My fishing partner for a couple of years on the Columbia.
My fishing partner for a couple of years on the Columbia.

Scared the crap out of me as I thought he was awfully close to be passing by. He was stopping.

He anchored up.

"I've been watching you," he said. "You're out here longer than I am and you're always in that kayak."

I did see the same 20 boats everyday on the flats.

"You should really team up with me and just be on the boat from now on," he said after we fished together for a week or so in that spot. It was a battle for a known GPS-saved spot on the flats, but I just fished the tree stump because it was the safest option for me. I fell asleep on that kayak when I fished through the night.

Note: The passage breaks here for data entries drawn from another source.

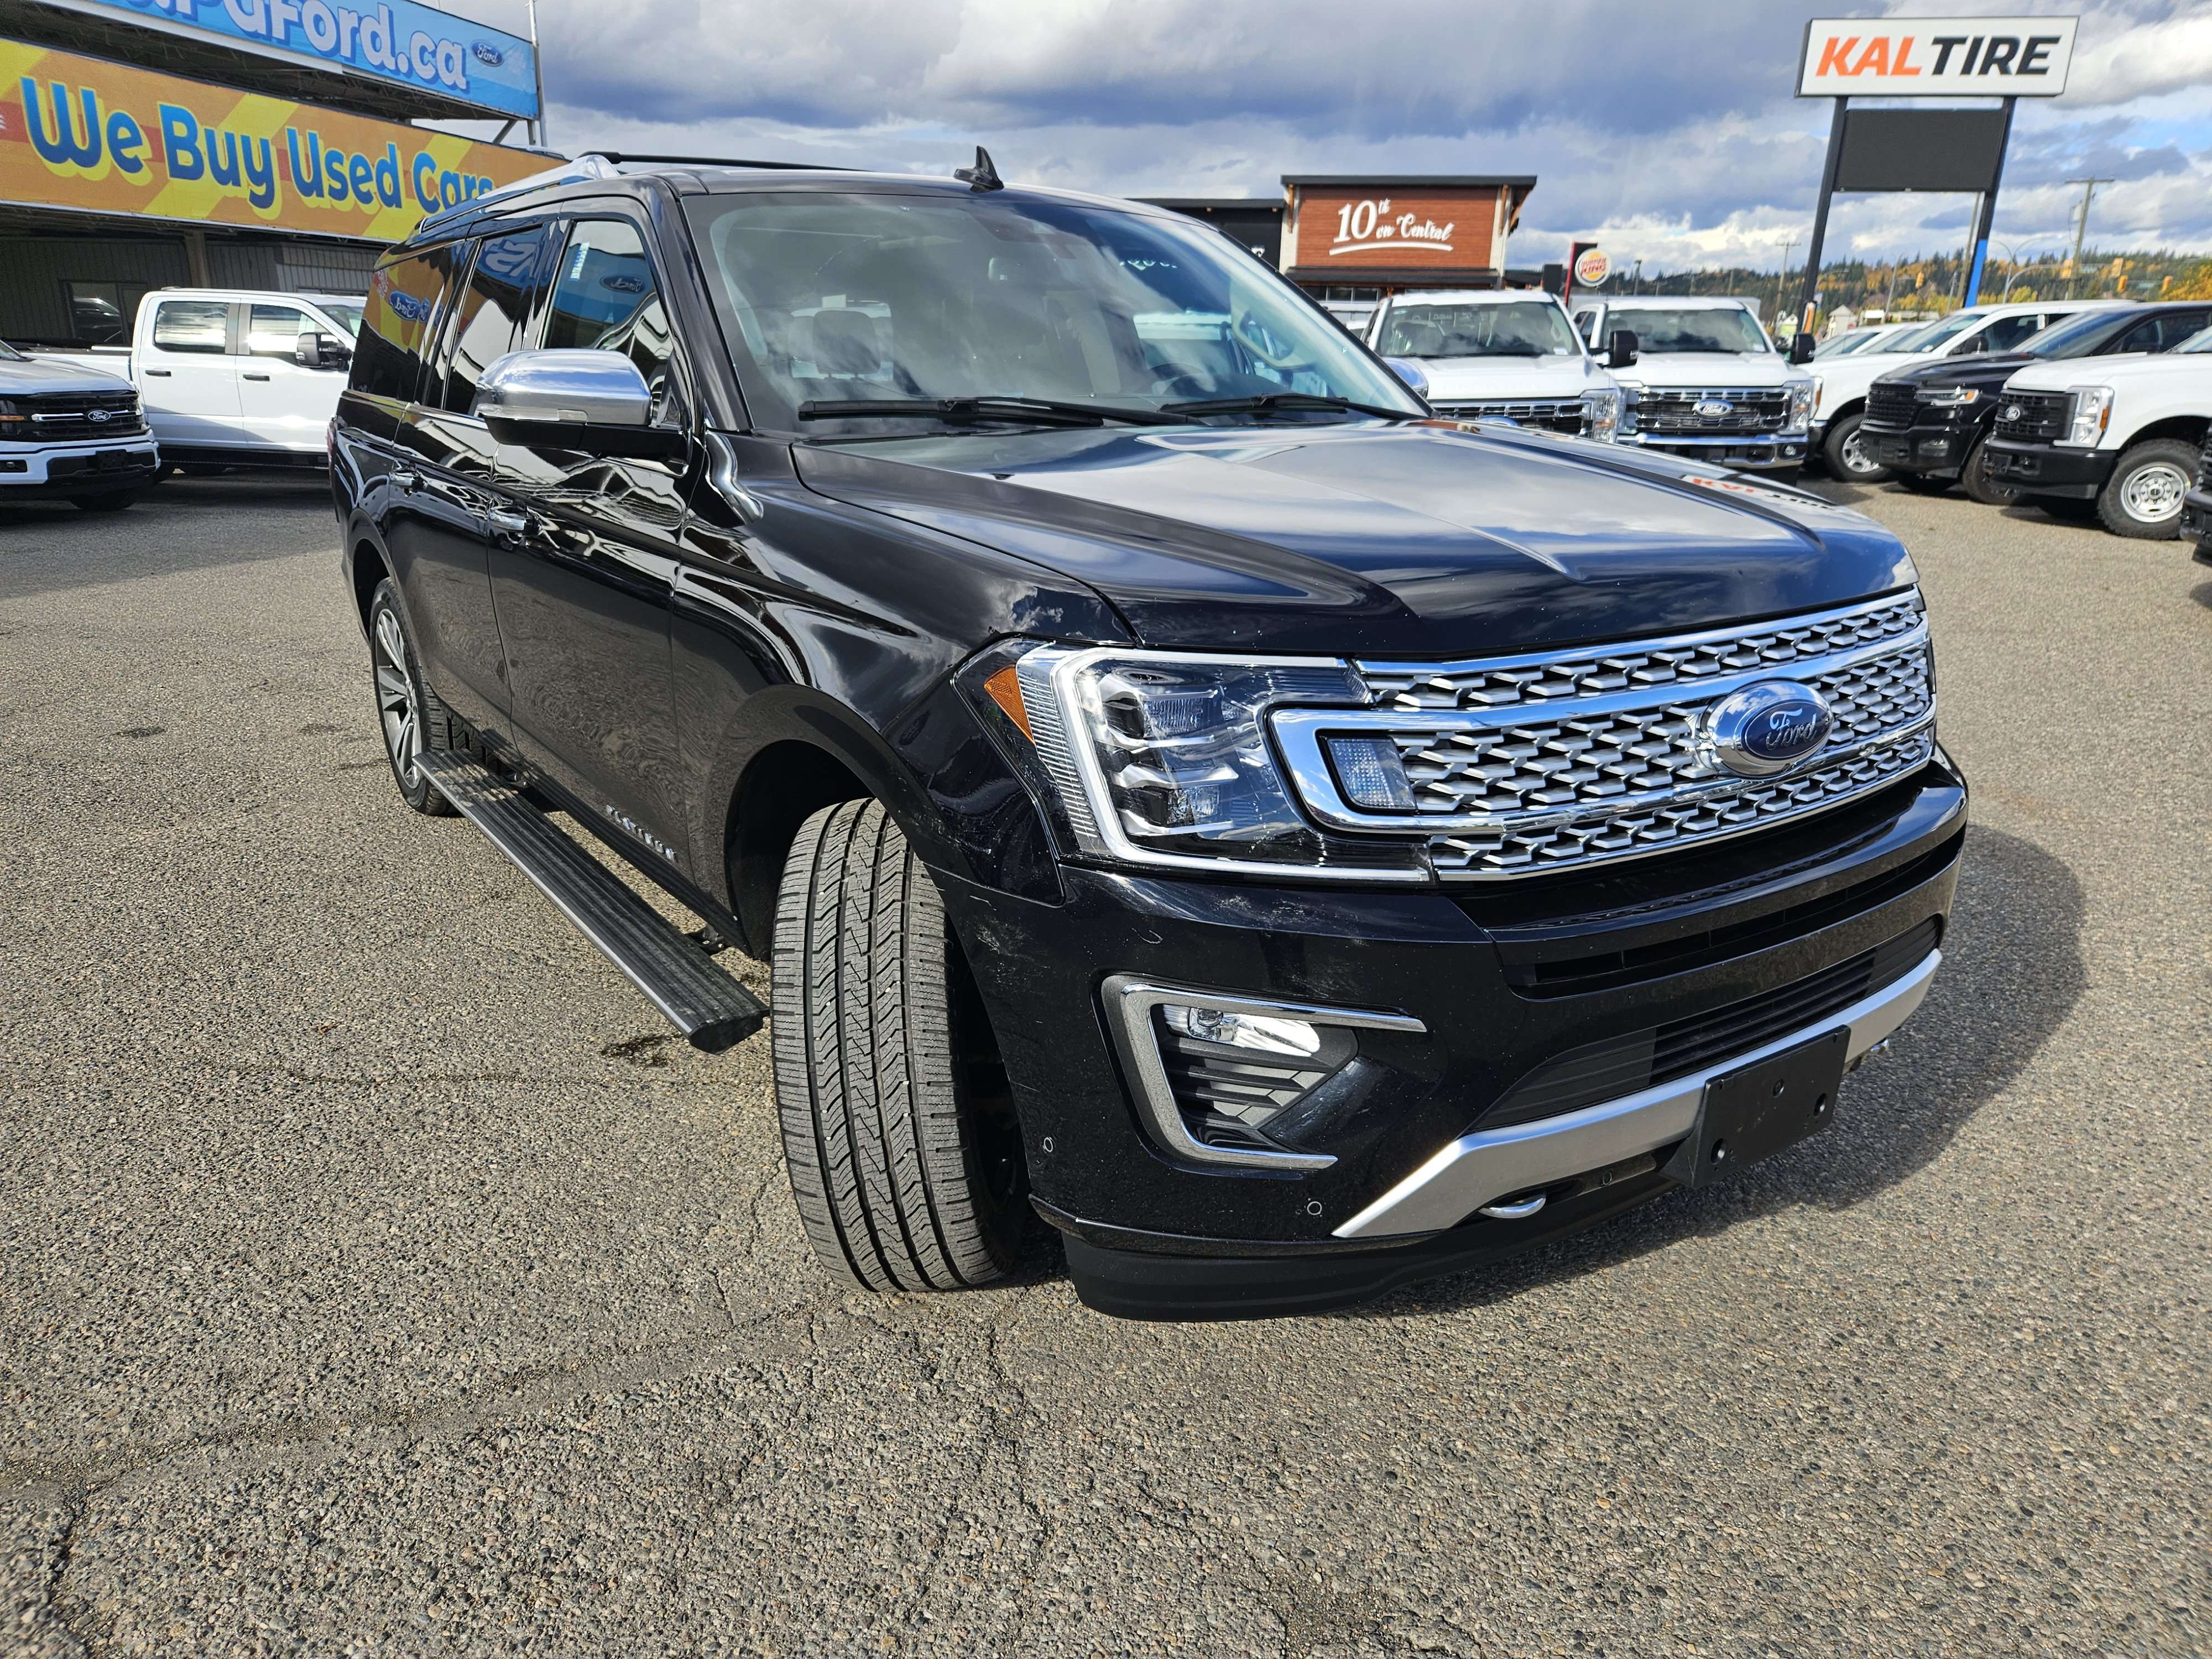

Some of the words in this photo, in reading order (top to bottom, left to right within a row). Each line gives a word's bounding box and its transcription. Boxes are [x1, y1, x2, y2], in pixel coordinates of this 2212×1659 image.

[477, 43, 498, 64] Ford
[1815, 36, 1923, 76] KAL
[1931, 35, 2062, 76] TIRE
[20, 76, 144, 174] We
[158, 102, 275, 209] Buy
[286, 127, 403, 209] Used
[1375, 225, 1396, 239] on
[1396, 212, 1454, 241] Central
[1766, 708, 1816, 750] Ford
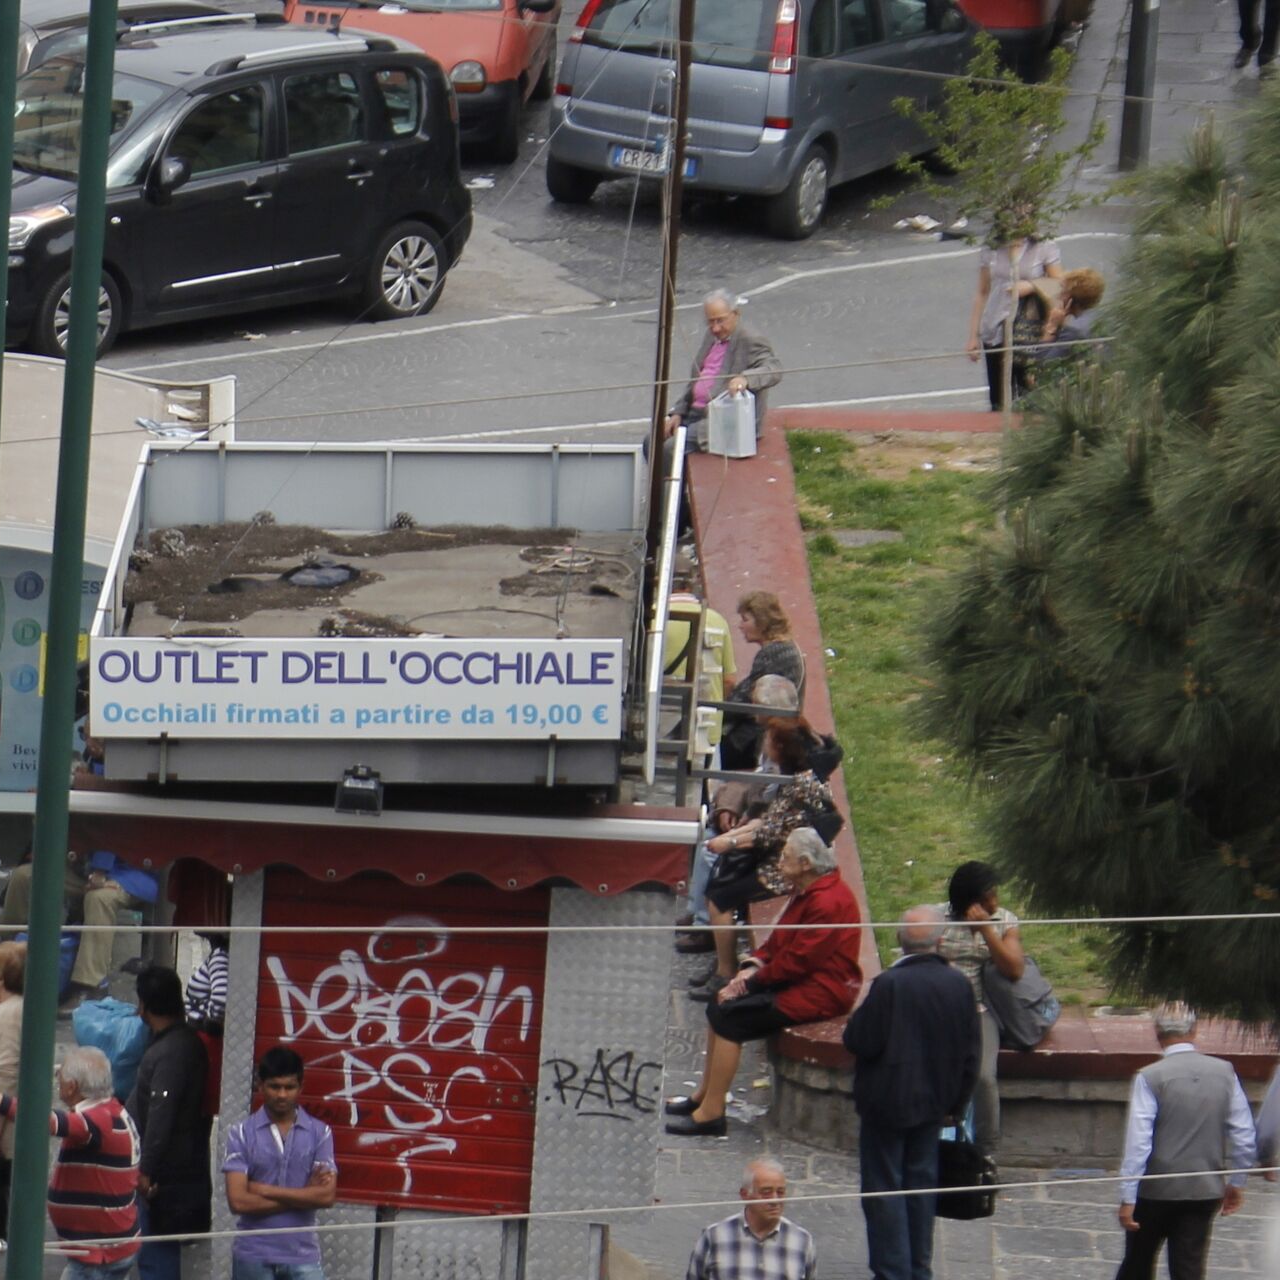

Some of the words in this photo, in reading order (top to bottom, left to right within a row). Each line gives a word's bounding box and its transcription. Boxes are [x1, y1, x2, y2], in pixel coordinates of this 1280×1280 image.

[98, 650, 269, 684] OUTLET
[282, 650, 615, 685] DELL'OCCHIALE
[103, 702, 217, 724] Occhiali
[226, 703, 320, 724] firmati
[329, 707, 346, 724] a
[355, 704, 452, 729] partire
[461, 704, 495, 725] da
[505, 704, 582, 729] 19,00
[592, 704, 610, 725] €

From 1980! Phil is a fishing legend!
From 1980! Phil is a fishing legend!

We finished the season together but we were both lucky to even get close to $2,000 and that's with Phil nailing a tagged fish after dropping me off at the dock one morning because I got sick.

I didn't stay on the land long and was back out after he called me. Stomach virus be dammed.

You have to want to eat, brother. I will NEVER stand on the side of the road with a cardboard sign to earn money.

Phil had the same work ethic I did and we started before first light and finished often when the sun had passed the horizon. I did a lot of listening. Some guys talk way too much when the knowledge is on the other side of the boat.

We fished together on a boat Phil pieced together after buying it for $500. It had a wench for the anchor system, which he rigged himself.

The dude knew how to keep that ancient outboard going with duck tape and bubble gum.

The next season Phil had moved on to northern Idaho where he settled with a woman he met in the off season.

The two years we got to fish together though, I learned so much from Phil. He guided on rivers for more than 30 years and his sons continue the family legacy on Washington rivers to this day.